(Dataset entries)
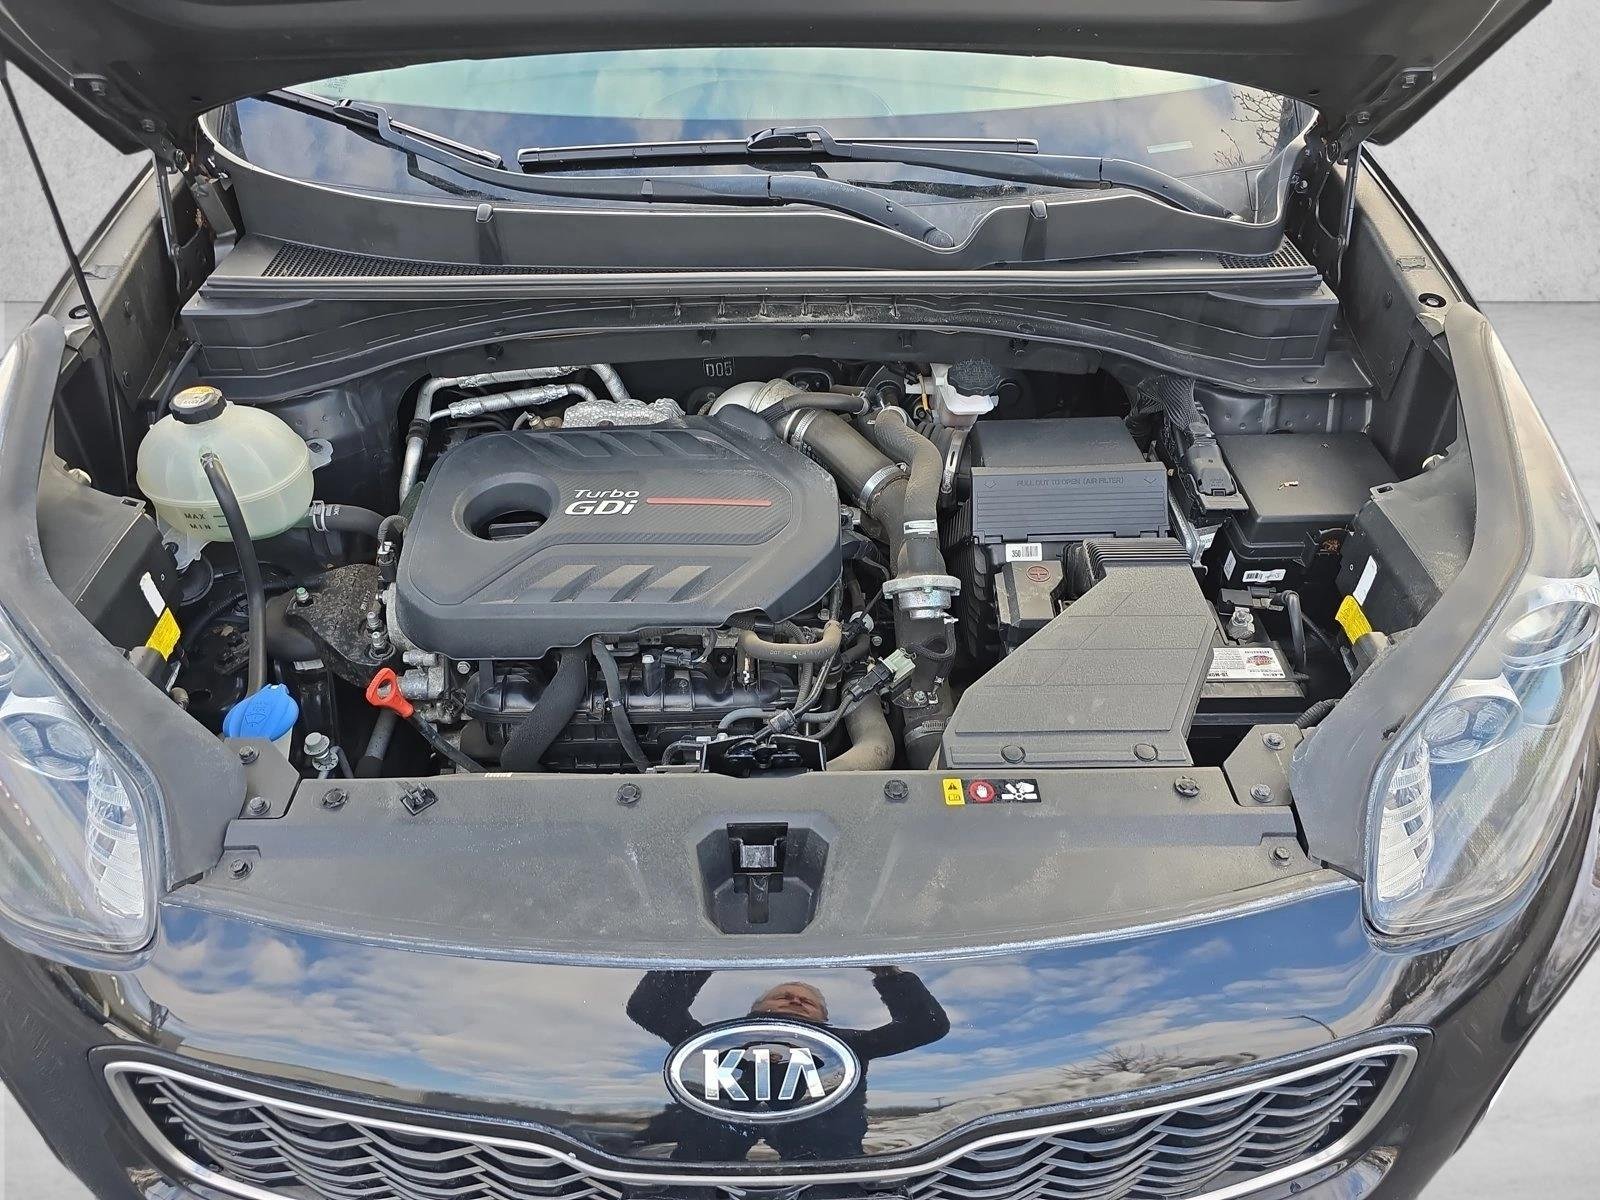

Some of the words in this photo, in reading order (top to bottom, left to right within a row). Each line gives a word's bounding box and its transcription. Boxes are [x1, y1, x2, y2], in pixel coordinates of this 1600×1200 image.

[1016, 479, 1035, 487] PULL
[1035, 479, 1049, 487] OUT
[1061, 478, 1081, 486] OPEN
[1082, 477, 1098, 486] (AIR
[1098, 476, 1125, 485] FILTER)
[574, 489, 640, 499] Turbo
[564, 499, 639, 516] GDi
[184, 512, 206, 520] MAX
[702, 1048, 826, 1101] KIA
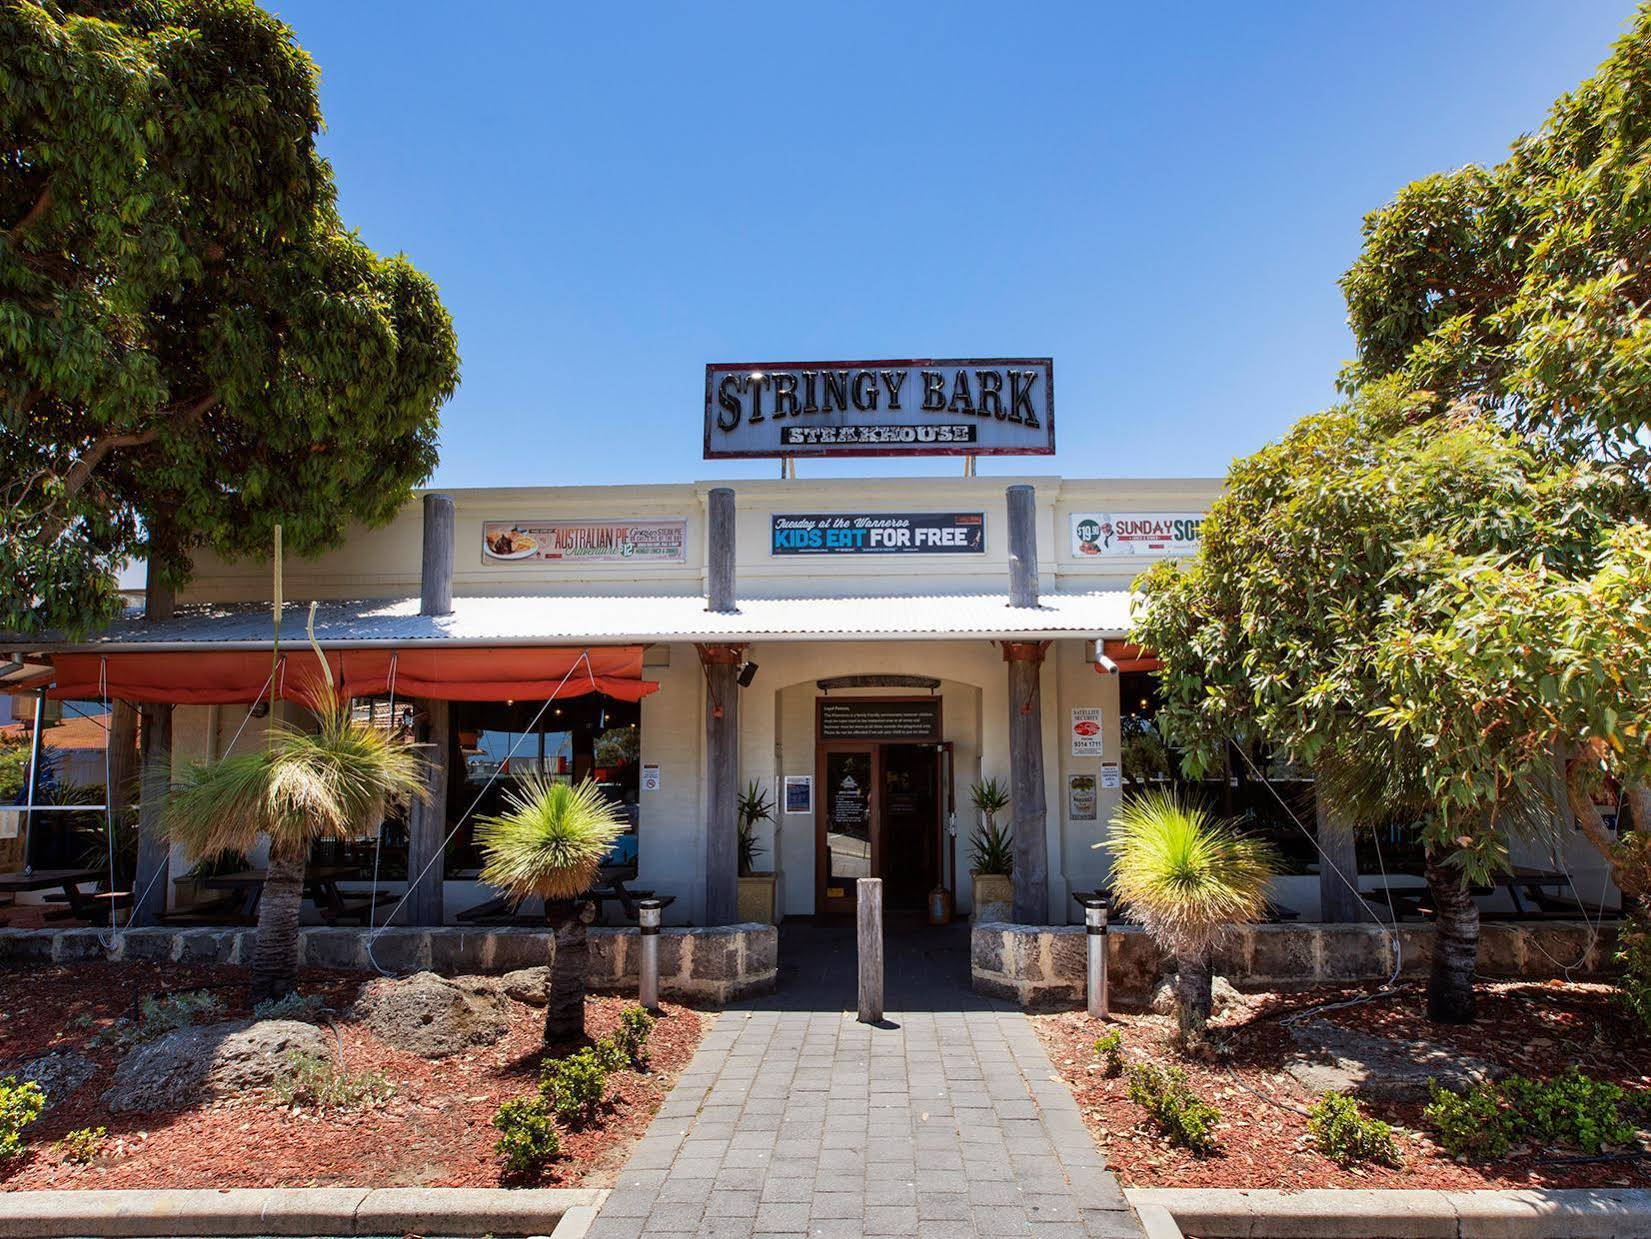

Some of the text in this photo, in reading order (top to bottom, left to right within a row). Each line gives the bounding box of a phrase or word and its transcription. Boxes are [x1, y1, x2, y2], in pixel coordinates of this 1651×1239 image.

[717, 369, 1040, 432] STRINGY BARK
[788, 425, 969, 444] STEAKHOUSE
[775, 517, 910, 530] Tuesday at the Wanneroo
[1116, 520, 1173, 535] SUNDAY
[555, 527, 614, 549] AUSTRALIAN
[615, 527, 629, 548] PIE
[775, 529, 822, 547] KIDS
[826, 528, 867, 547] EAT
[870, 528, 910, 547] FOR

WHAT THE EXERCISE ASKS:
Without the pictures, return each entry exactly as given.

EXERCISE OUTPUT:
Some of the words in this photo, in reading order (top to bottom, left to right within a row). Each line gives a word's bounding box and its transcription. Boxes are [x1, y1, x2, y2], in pixel coordinates of this 1600×1200 image.

[1016, 479, 1035, 487] PULL
[1035, 479, 1049, 487] OUT
[1061, 478, 1081, 486] OPEN
[1082, 477, 1098, 486] (AIR
[1098, 476, 1125, 485] FILTER)
[574, 489, 640, 499] Turbo
[564, 499, 639, 516] GDi
[184, 512, 206, 520] MAX
[702, 1048, 826, 1101] KIA

Some of the text in this photo, in reading order (top to bottom, left to right within a row). Each line gives the bounding box of a phrase or word and its transcription. Boxes are [x1, y1, x2, y2], in pixel coordinates of this 1651×1239 image.

[717, 369, 1040, 432] STRINGY BARK
[788, 425, 969, 444] STEAKHOUSE
[775, 517, 910, 530] Tuesday at the Wanneroo
[1116, 520, 1173, 535] SUNDAY
[555, 527, 614, 549] AUSTRALIAN
[615, 527, 629, 548] PIE
[775, 529, 822, 547] KIDS
[826, 528, 867, 547] EAT
[870, 528, 910, 547] FOR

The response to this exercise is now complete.